_Exercise brief:_ Copy every entry word for word, but skip the pictures.

_Dataset records:_
┌──
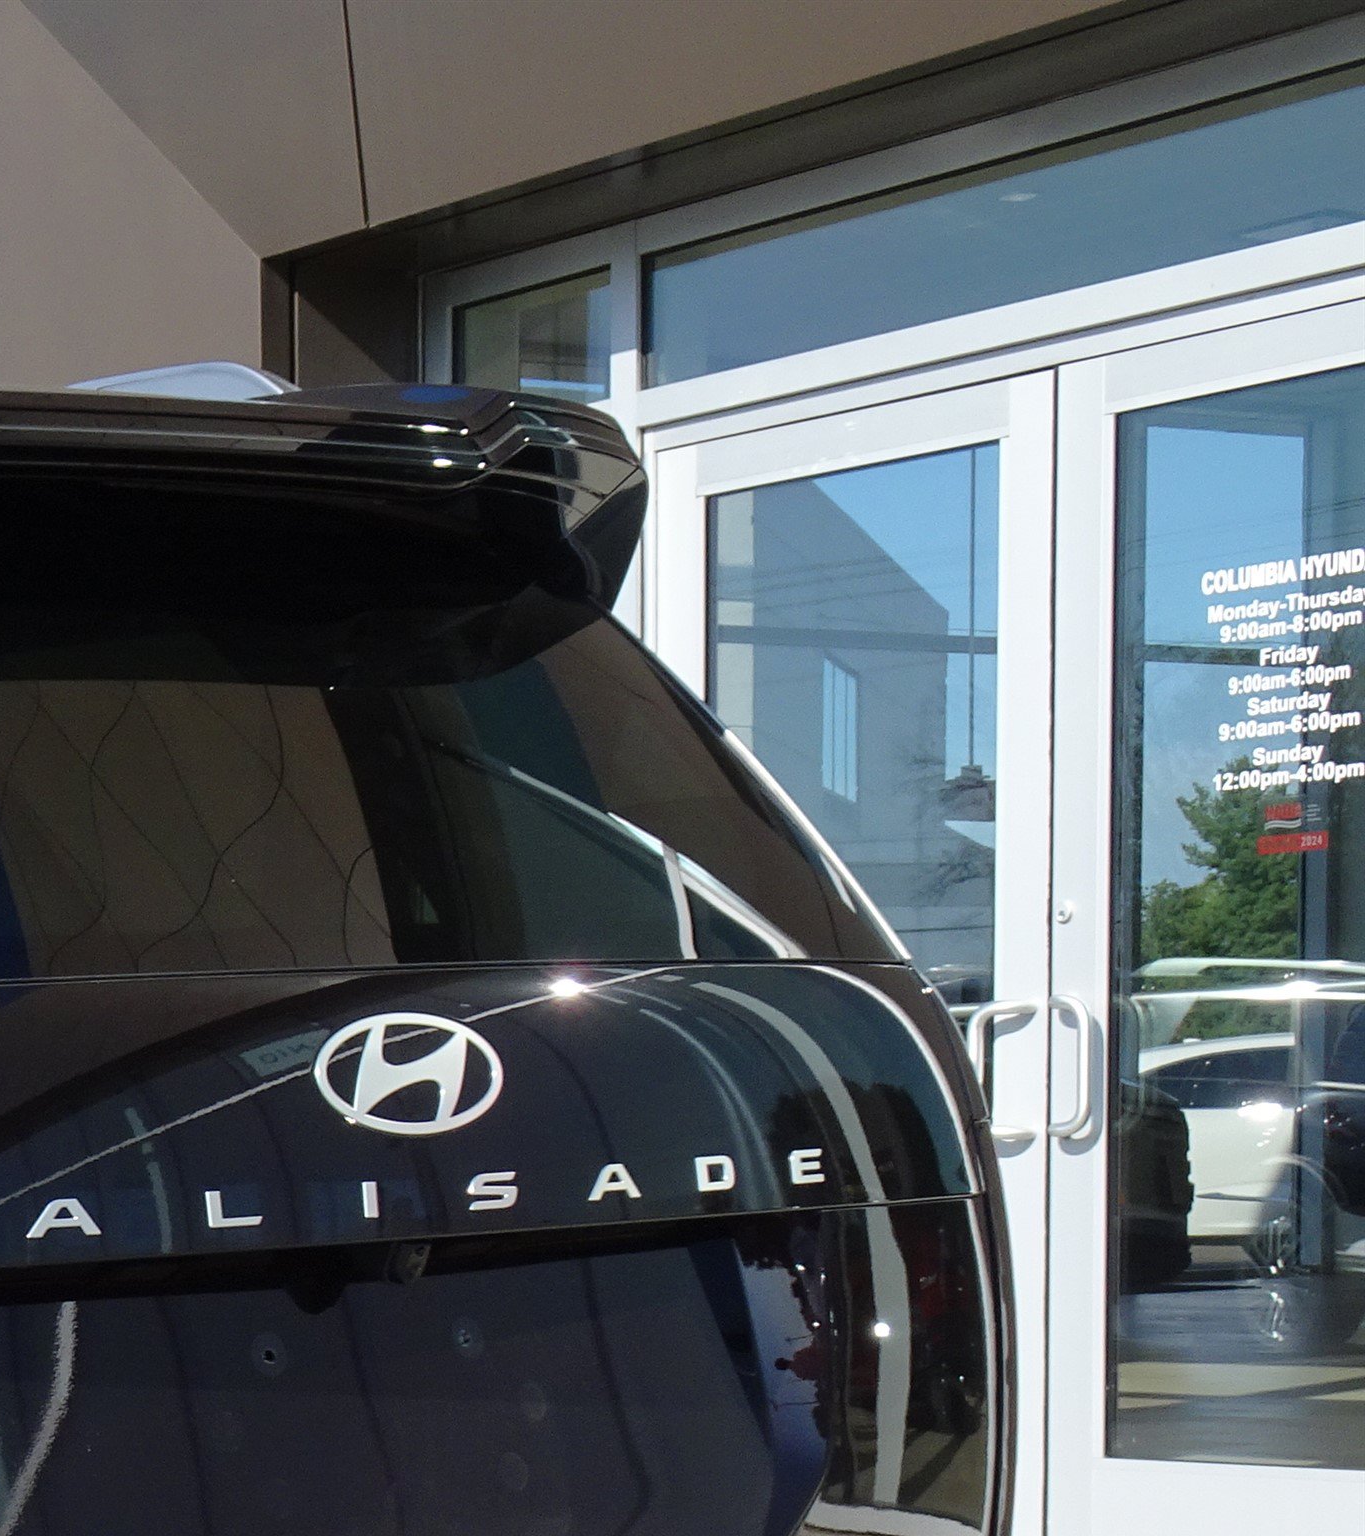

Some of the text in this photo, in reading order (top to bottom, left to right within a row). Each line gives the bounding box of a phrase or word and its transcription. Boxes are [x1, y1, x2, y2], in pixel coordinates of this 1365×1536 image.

[1201, 548, 1365, 596] COLUMBIA HYUND
[1207, 585, 1365, 624] Monday-Thursda
[1219, 610, 1363, 644] 9:00am-8:00pm
[1259, 644, 1319, 667] Friday
[1228, 664, 1351, 696] 9:00am-6:00pm
[1246, 691, 1332, 716] Saturday
[1218, 711, 1361, 742] 9:00am-6:00pm
[1252, 743, 1324, 766] Sunday
[1212, 761, 1365, 792] 12:00pm-4:00pm
[1300, 835, 1324, 848] 2024
└──
_Result of the exercise:_
Some of the text in this photo, in reading order (top to bottom, left to right within a row). Each line gives the bounding box of a phrase or word and its transcription. Boxes are [x1, y1, x2, y2], in pixel coordinates of this 1365×1536 image.

[1201, 548, 1365, 596] COLUMBIA HYUND
[1207, 585, 1365, 624] Monday-Thursda
[1219, 610, 1363, 644] 9:00am-8:00pm
[1259, 644, 1319, 667] Friday
[1228, 664, 1351, 696] 9:00am-6:00pm
[1246, 691, 1332, 716] Saturday
[1218, 711, 1361, 742] 9:00am-6:00pm
[1252, 743, 1324, 766] Sunday
[1212, 761, 1365, 792] 12:00pm-4:00pm
[1300, 835, 1324, 848] 2024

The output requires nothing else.